**DIRECTIONS**
Leave out the images and repeat every entry below exactly.

(Recorded data)
+--

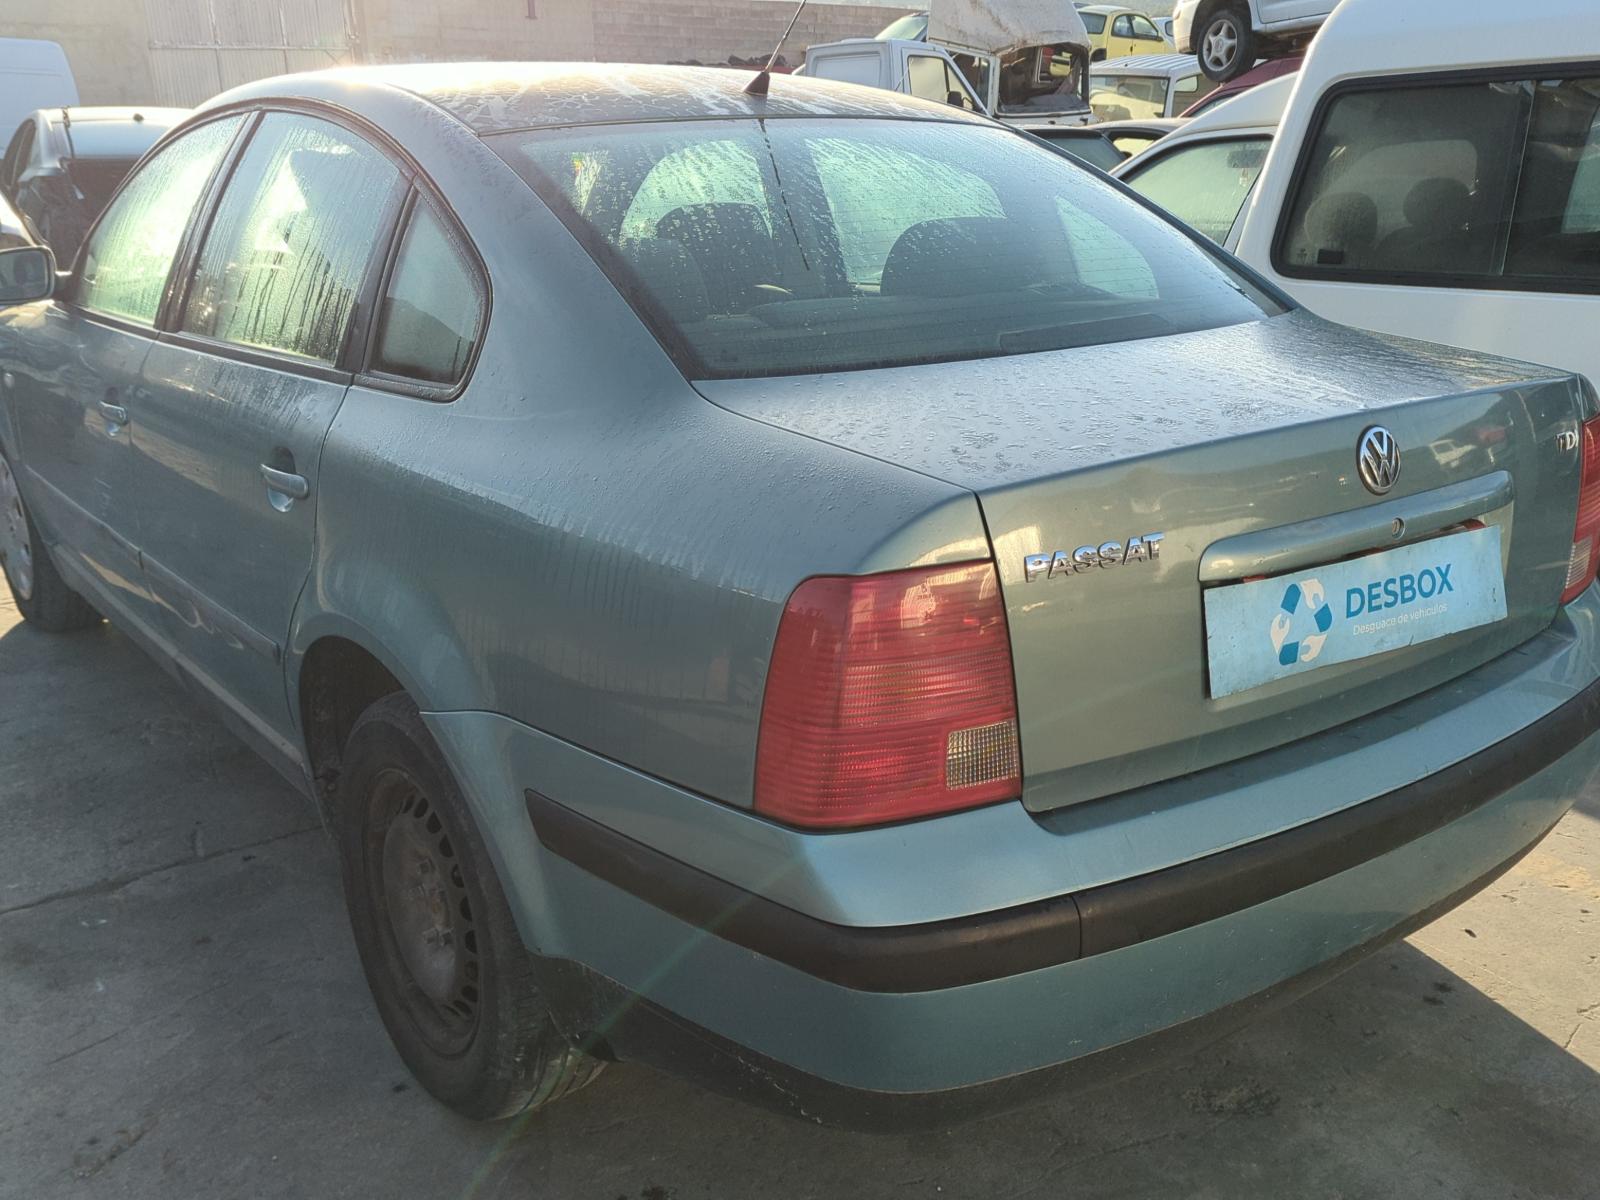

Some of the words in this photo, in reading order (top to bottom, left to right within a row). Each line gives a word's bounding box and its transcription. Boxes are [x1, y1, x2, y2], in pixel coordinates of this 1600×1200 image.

[1024, 532, 1165, 583] PASSAT
[1346, 564, 1454, 619] DESBOX
[1353, 617, 1396, 635] Desguace
[1397, 612, 1409, 625] de

+--

**RESULT**
Some of the words in this photo, in reading order (top to bottom, left to right within a row). Each line gives a word's bounding box and its transcription. Boxes are [x1, y1, x2, y2], in pixel coordinates of this 1600×1200 image.

[1024, 532, 1165, 583] PASSAT
[1346, 564, 1454, 619] DESBOX
[1353, 617, 1396, 635] Desguace
[1397, 612, 1409, 625] de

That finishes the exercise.